The basic job of the linker script is to put the sections in the correct
order, and at the correct memory addresses.  For some targets, the
linker script may have to do some other operations.

For example, on most MIPS platforms, the linker is responsible for
defining the special symbol @code{_gp}, used to initialize the
@code{$gp} register.  It must be set to the start of the small data
section plus @code{0x8000}.  Naturally, it should only be defined when
doing a final relocation.  This will typically be done like this:
@smallexample
  $@{RELOCATING+ _gp = ALIGN(16) + 0x8000;@}
@end smallexample
This line would appear just before the sections which compose the small
data section (@samp{.sdata}, @samp{.sbss}).  All those sections would be
contiguous in memory.

Many COFF systems build constructor tables in the linker script.  The
compiler will arrange to output the address of each global constructor
in a @samp{.ctor} section, and the address of each global destructor in
a @samp{.dtor} section (this is done by defining
@code{ASM_OUTPUT_CONSTRUCTOR} and @code{ASM_OUTPUT_DESTRUCTOR} in the
@code{gcc} configuration files).  The @code{gcc} runtime support
routines expect the constructor table to be named @code{__CTOR_LIST__}.
They expect it to be a list of words, with the first word being the
count of the number of entries.  There should be a trailing zero word.
(Actually, the count may be -1 if the trailing word is present, and the
trailing word may be omitted if the count is correct, but, as the
@code{gcc} behaviour has changed slightly over the years, it is safest
to provide both).  Here is a typical way that might be handled in a
@file{scripttempl} file.
@smallexample
    $@{CONSTRUCTING+ __CTOR_LIST__ = .;@}
    $@{CONSTRUCTING+ LONG((__CTOR_END__ - __CTOR_LIST__) / 4 - 2)@}
    $@{CONSTRUCTING+ *(.ctors)@}
    $@{CONSTRUCTING+ LONG(0)@}
    $@{CONSTRUCTING+ __CTOR_END__ = .;@}
    $@{CONSTRUCTING+ __DTOR_LIST__ = .;@}
    $@{CONSTRUCTING+ LONG((__DTOR_END__ - __DTOR_LIST__) / 4 - 2)@}
    $@{CONSTRUCTING+ *(.dtors)@}
    $@{CONSTRUCTING+ LONG(0)@}
    $@{CONSTRUCTING+ __DTOR_END__ = .;@}
@end smallexample
The use of @code{CONSTRUCTING} ensures that these linker script commands
will only appear when the linker is supposed to be building the
constructor and destructor tables.  This example is written for a target
which uses 4 byte pointers.

Embedded systems often need to set a stack address.  This is normally
best done by using the @code{PROVIDE} construct with a default stack
address.  This permits the user to easily override the stack address
using the @code{--defsym} option.  Here is an example:
@smallexample
  $@{RELOCATING+ PROVIDE (__stack = 0x80000000);@}
@end smallexample
The value of the symbol @code{__stack} would then be used in the startup
code to initialize the stack pointer.

@node linker emulations
@section @file{emultempl} scripts

Each linker target uses an @file{emultempl} script to generate the
emulation code.  The name of the @file{emultempl} script is set by the
@code{TEMPLATE_NAME} variable in the @file{emulparams} script.  If the
@code{TEMPLATE_NAME} variable is not set, the default is
@samp{generic}.  If the value of @code{TEMPLATE_NAME} is @var{template},
@file{genscripts.sh} will use @file{emultempl/@var{template}.em}.

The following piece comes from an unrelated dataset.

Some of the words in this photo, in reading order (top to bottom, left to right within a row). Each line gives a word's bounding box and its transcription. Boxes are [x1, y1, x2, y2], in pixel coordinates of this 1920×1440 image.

Most targets use the generic @file{emultempl} script,
@file{emultempl/generic.em}.  A different @file{emultempl} script is
only needed if the linker must support unusual actions, such as linking
against shared libraries.

The @file{emultempl} script is normally written as a simple invocation
of @code{cat} with a here document.  The document will use a few
variable substitutions.  Typically each function names uses a
substitution involving @code{EMULATION_NAME}, for ease of debugging when
the linker supports multiple emulations.

Every function and variable in the emitted file should be static.  The
only globally visible object must be named
@code{ld_@var{EMULATION_NAME}_emulation}, where @var{EMULATION_NAME} is
the name of the emulation set in @file{configure.tgt} (this is also the
name of the @file{emulparams} file without the @file{.sh} extension).
The @file{genscripts.sh} script will set the shell variable
@code{EMULATION_NAME} before invoking the @file{emultempl} script.

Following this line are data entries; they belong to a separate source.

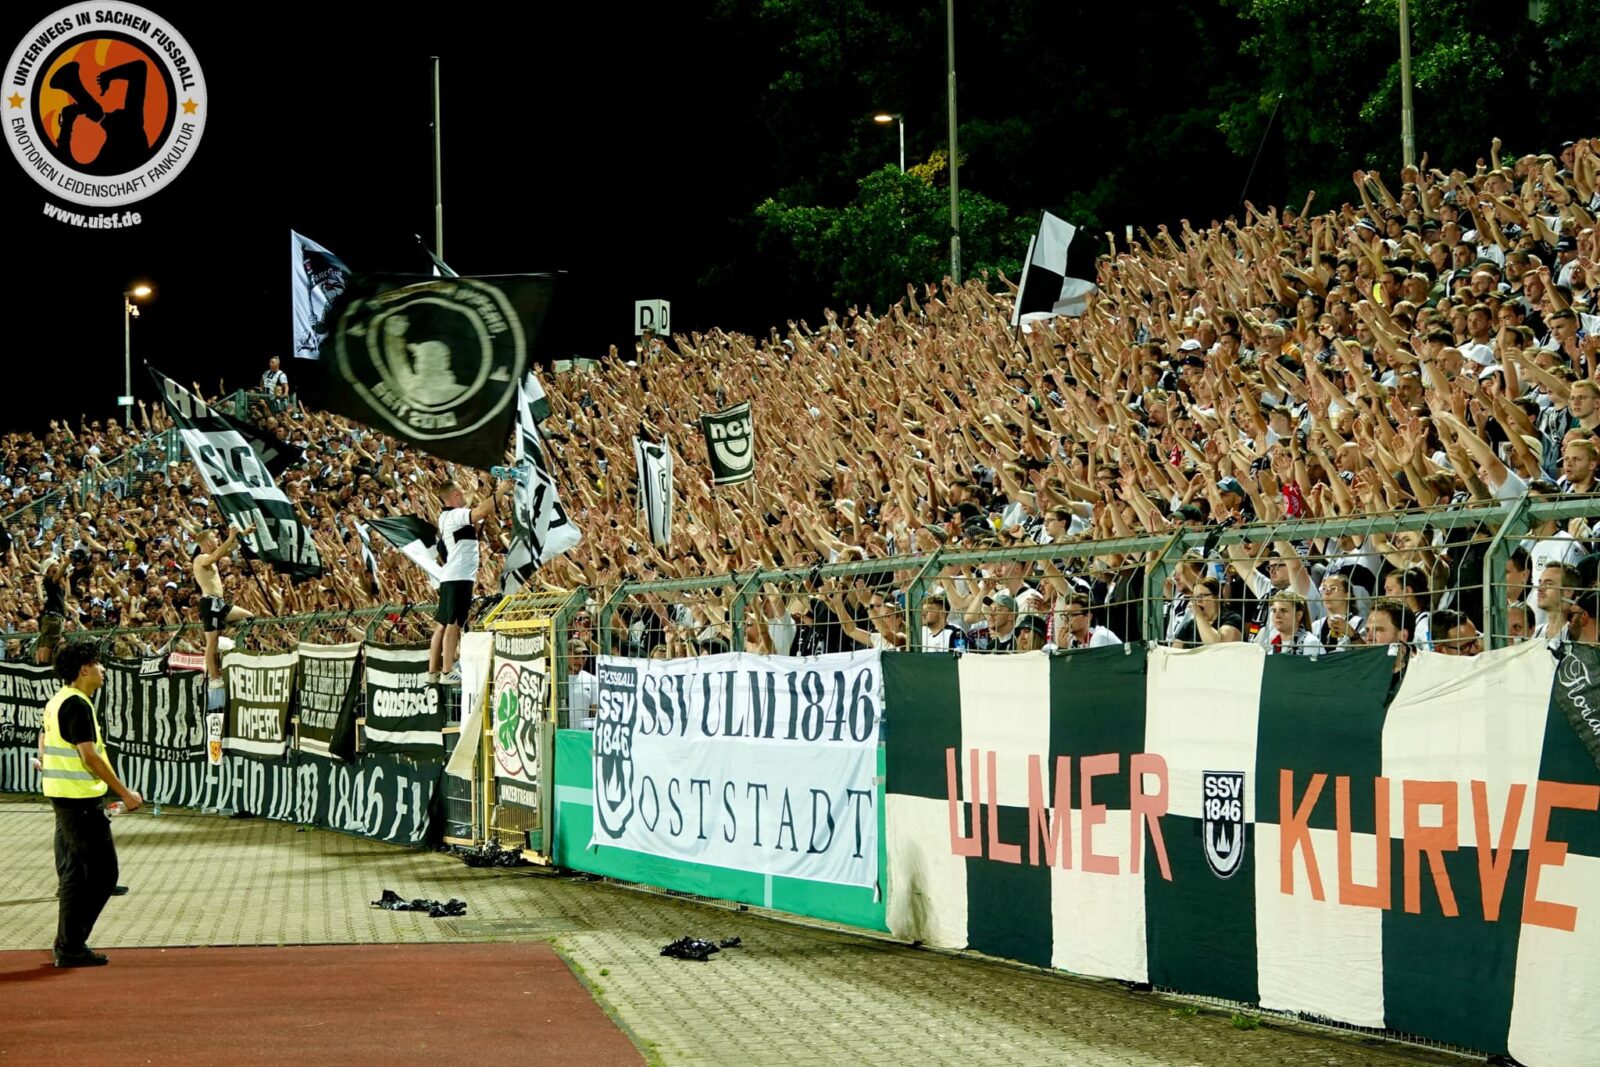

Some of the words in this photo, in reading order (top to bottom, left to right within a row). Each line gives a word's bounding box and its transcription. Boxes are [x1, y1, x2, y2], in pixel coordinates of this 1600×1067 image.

[640, 305, 654, 329] D
[661, 305, 668, 329] D
[228, 666, 291, 703] NEBULOSA
[519, 671, 546, 703] SSV
[600, 669, 636, 688] FUSSBALL
[106, 668, 204, 749] ULTRAS
[237, 705, 283, 740] IMPERO
[600, 689, 635, 727] SSV
[639, 673, 698, 737] SSV
[701, 671, 776, 738] ULM
[783, 668, 875, 742] 1846
[598, 722, 631, 760] 1846
[1205, 776, 1242, 799] SSV
[638, 775, 873, 859] OSTSTADT
[1205, 798, 1242, 822] 1846
[945, 747, 1174, 882] ULMER
[1280, 768, 1600, 933] KURVE
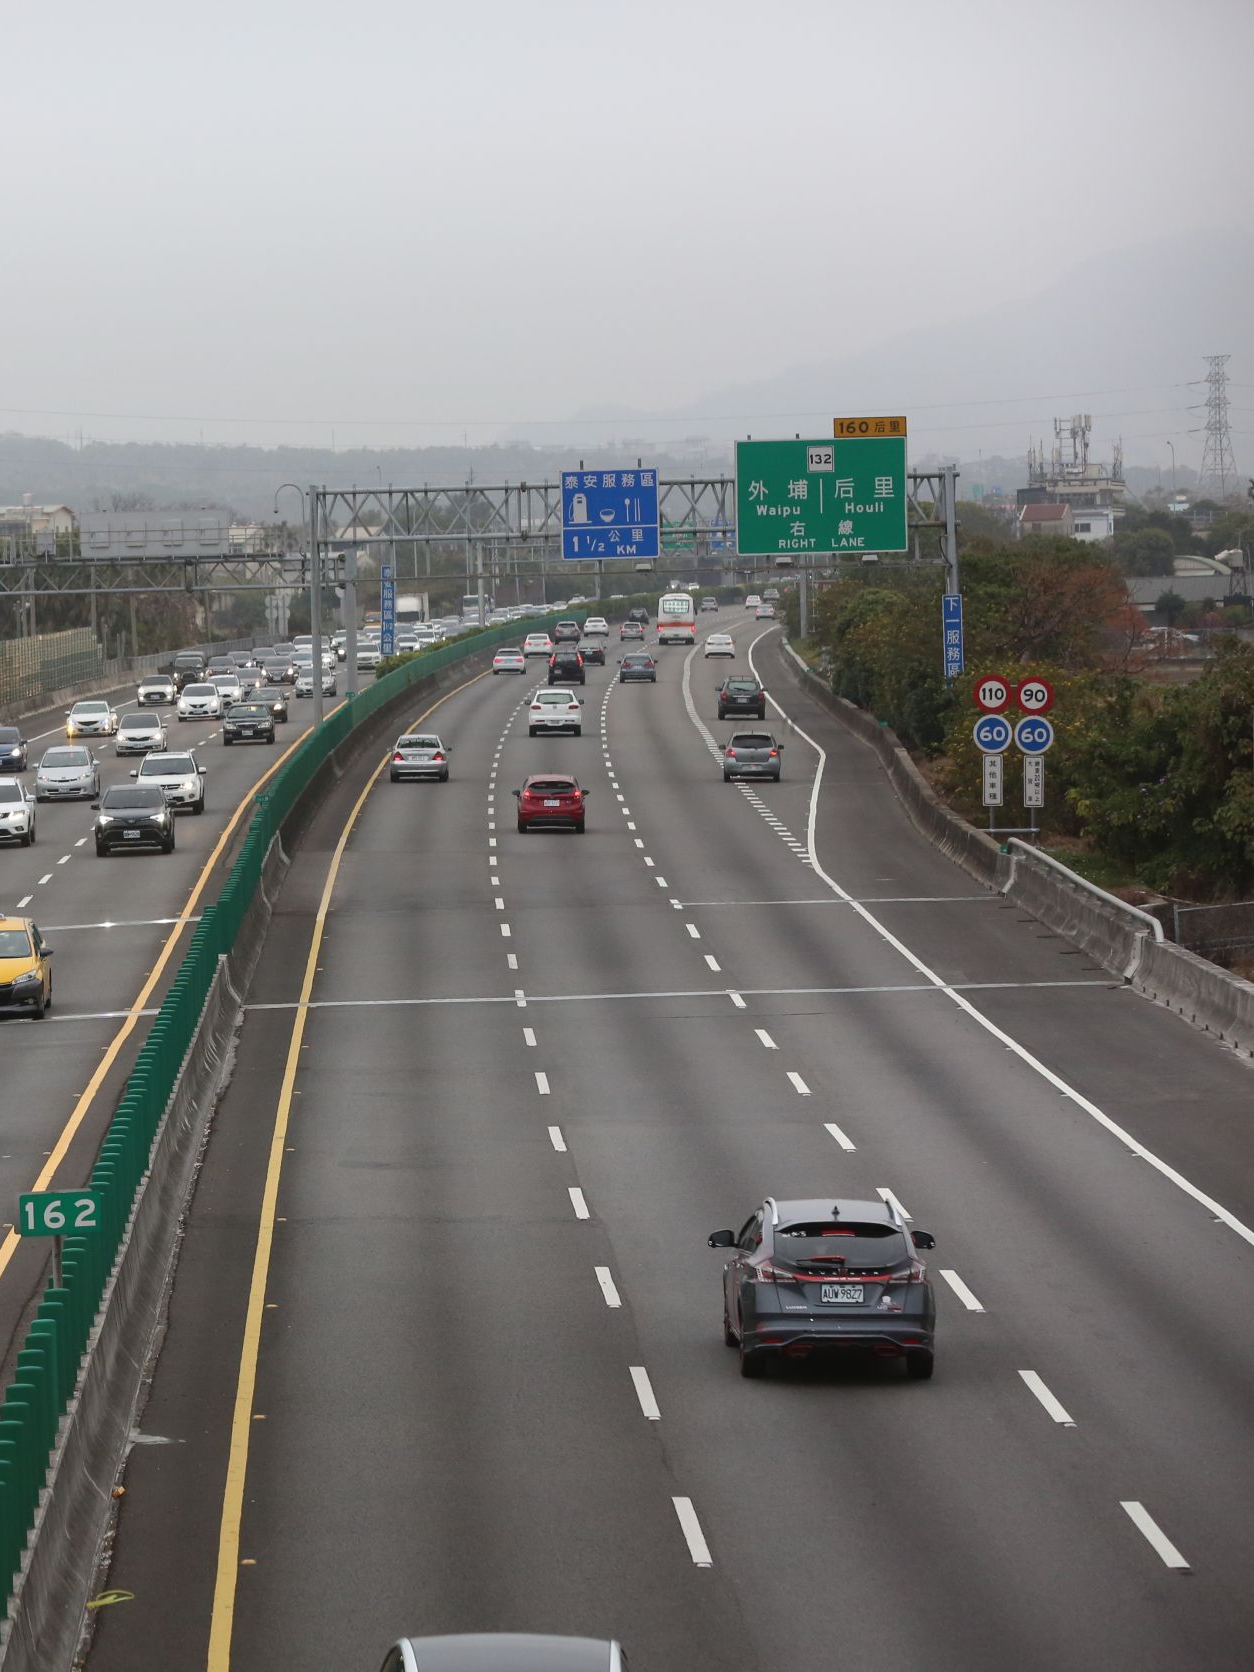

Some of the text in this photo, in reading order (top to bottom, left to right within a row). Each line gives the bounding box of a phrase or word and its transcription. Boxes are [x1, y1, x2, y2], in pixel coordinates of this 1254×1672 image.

[838, 420, 901, 434] 160 后里
[809, 454, 832, 465] 132
[565, 472, 654, 489] 泰安服務區
[748, 476, 895, 501] 外埔 后里
[756, 502, 884, 518] Waipu Houli
[608, 529, 644, 542] 公里
[790, 519, 855, 537] 右線
[617, 545, 637, 555] KM
[778, 537, 866, 549] RIGHT LANE
[945, 596, 961, 678] 下一服務區
[981, 687, 1004, 700] 110
[1023, 688, 1046, 703] 90
[979, 726, 1006, 742] 60
[1021, 727, 1047, 743] 60
[25, 1199, 96, 1230] 162

The @code{ld_@var{EMULATION_NAME}_emulation} variable must be a
@code{struct ld_emulation_xfer_struct}, as defined in @file{ldemul.h}.
It defines a set of function pointers which are invoked by the linker,
as well as strings for the emulation name (normally set from the shell
variable @code{EMULATION_NAME} and the default BFD target name (normally
set from the shell variable @code{OUTPUT_FORMAT} which is normally set
by the @file{emulparams} file).

The @file{genscripts.sh} script will set the shell variable
@code{COMPILE_IN} when it invokes the @file{emultempl} script for the
default emulation.  In this case, the @file{emultempl} script should
include the linker scripts directly, and return them from the
@code{get_scripts} entry point.  When the emulation is not the default,
the @code{get_scripts} entry point should just return a file name.  See
@file{emultempl/generic.em} for an example of how this is done.

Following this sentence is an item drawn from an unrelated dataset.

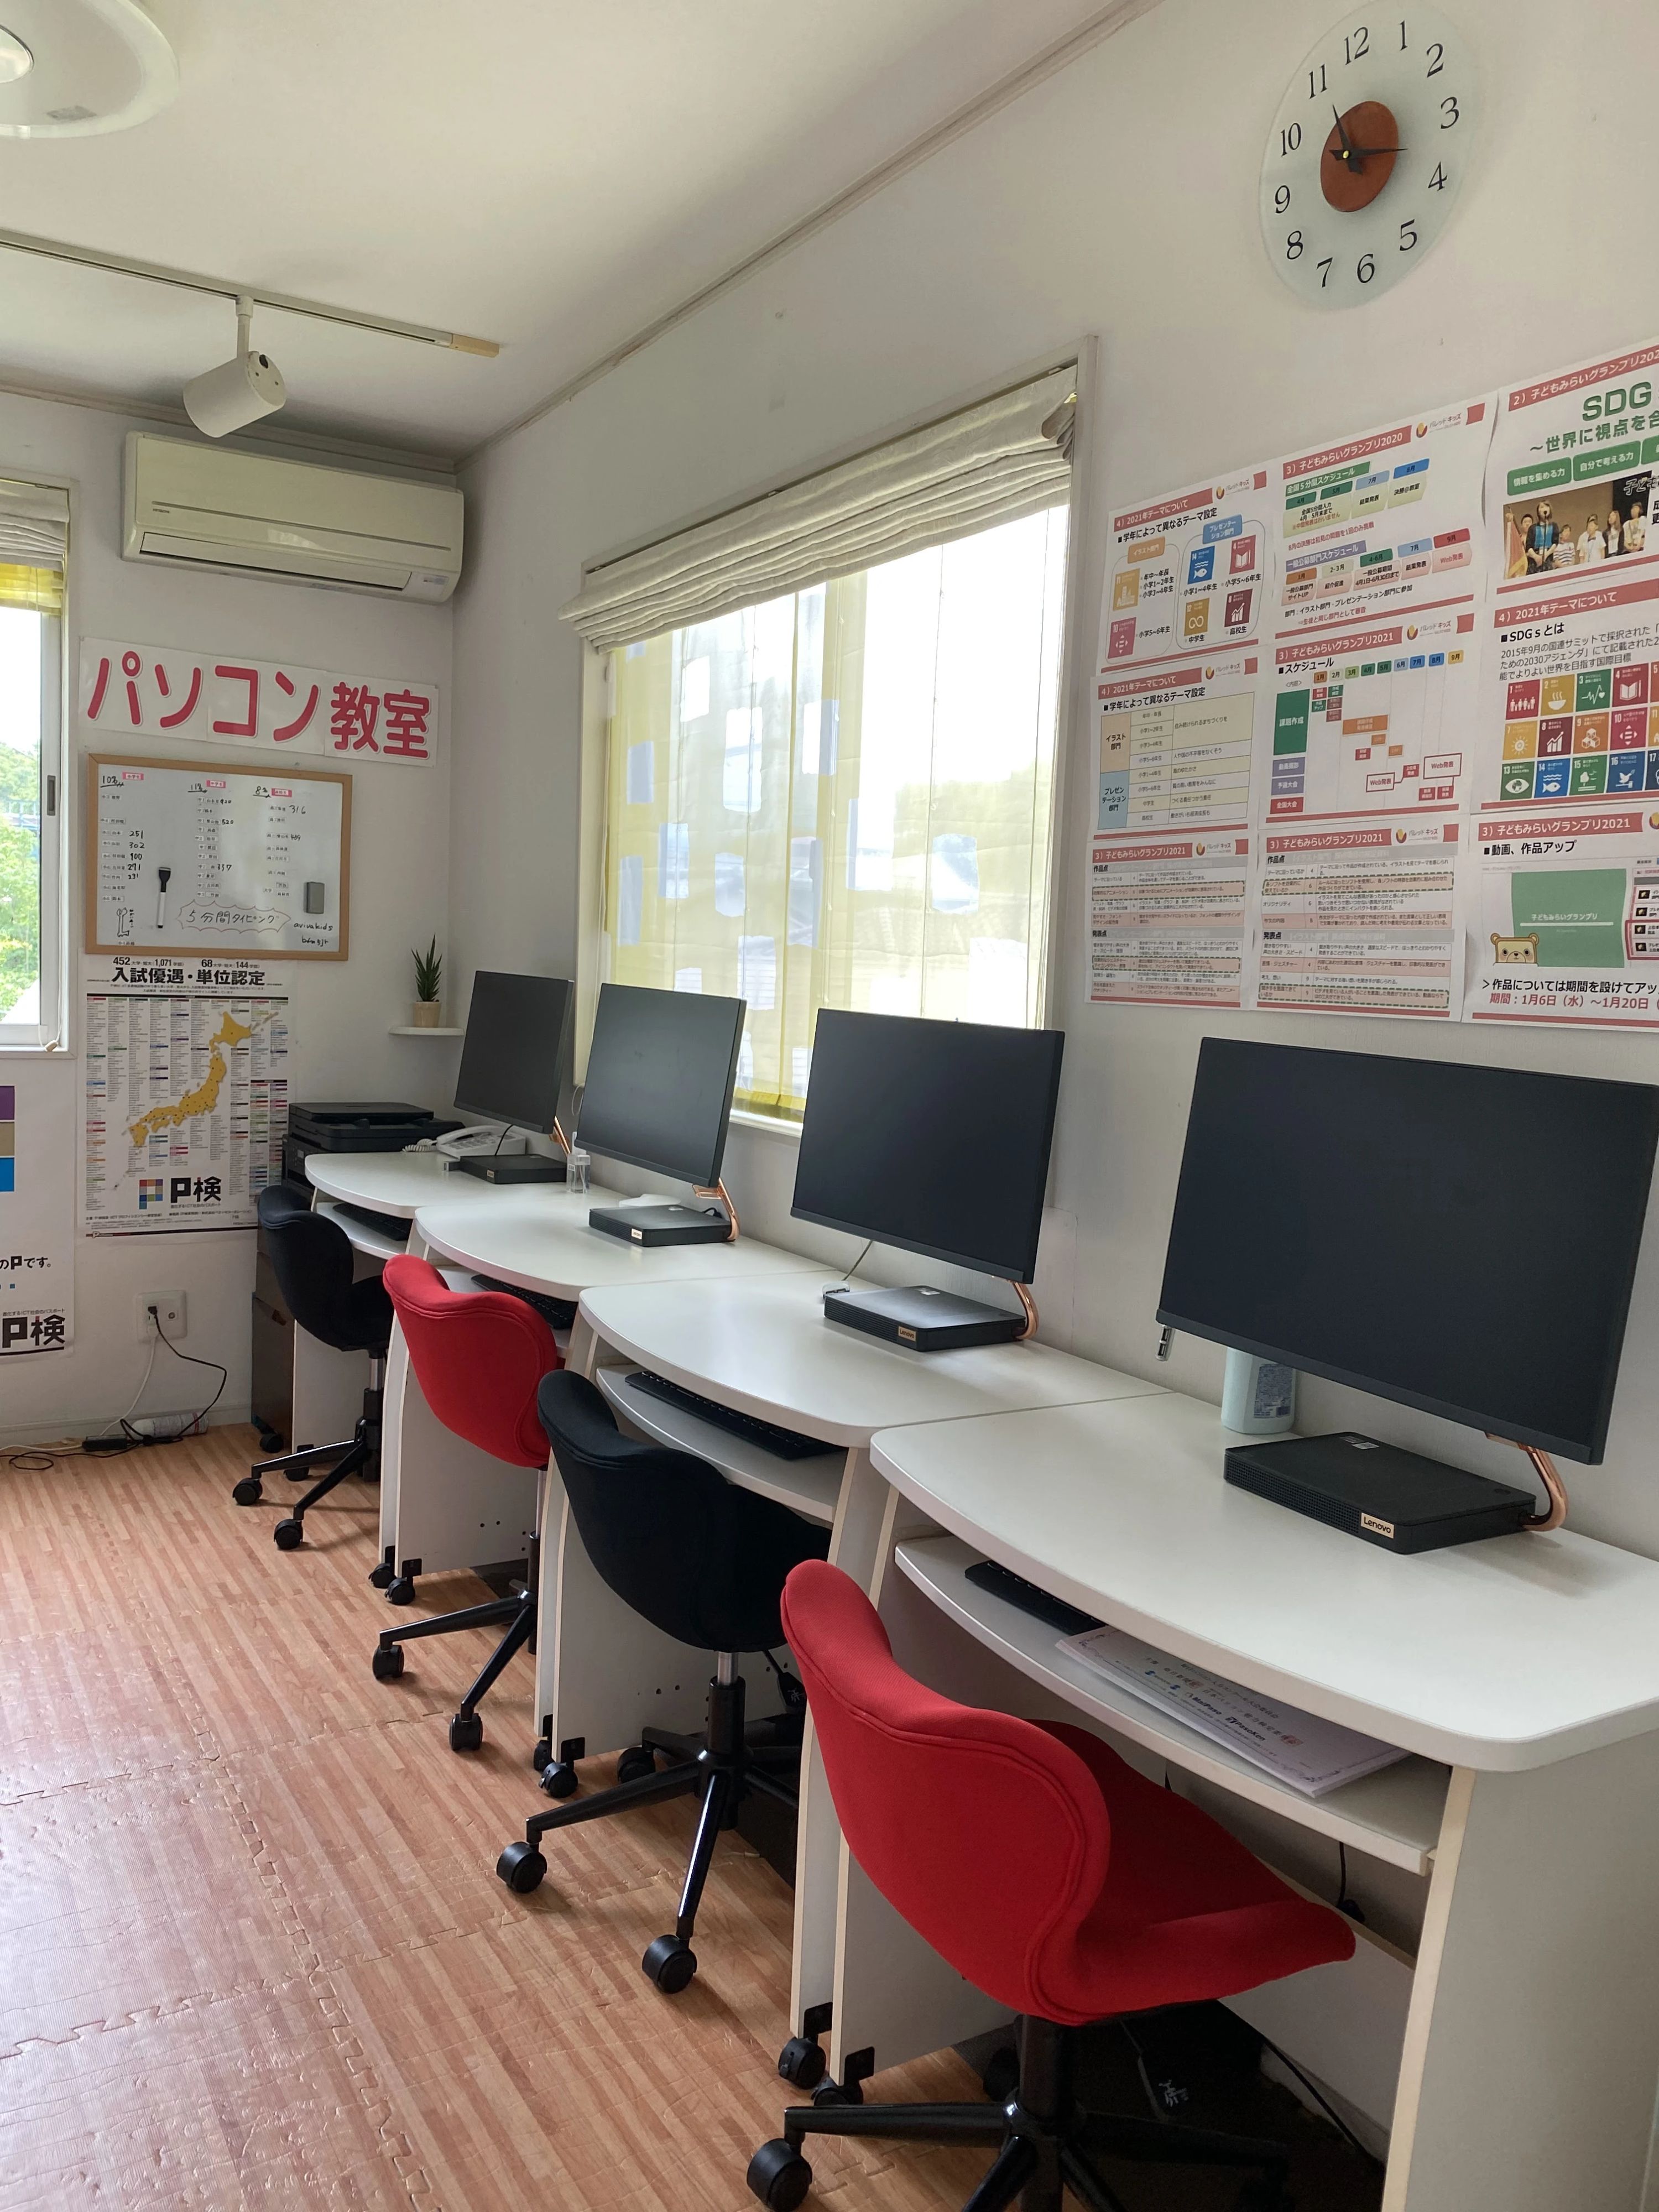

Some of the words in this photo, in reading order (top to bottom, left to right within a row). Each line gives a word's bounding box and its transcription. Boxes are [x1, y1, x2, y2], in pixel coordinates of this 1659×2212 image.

At some point, the linker emulation entry points should be documented.

@node Emulation Walkthrough
@chapter A Walkthrough of a Typical Emulation

This chapter is to help people who are new to the way emulations
interact with the linker, or who are suddenly thrust into the position
of having to work with existing emulations.  It will discuss the files
you need to be aware of.  It will tell you when the given "hooks" in
the emulation will be called.  It will, hopefully, give you enough
information about when and how things happen that you'll be able to
get by.  As always, the source is the definitive reference to this.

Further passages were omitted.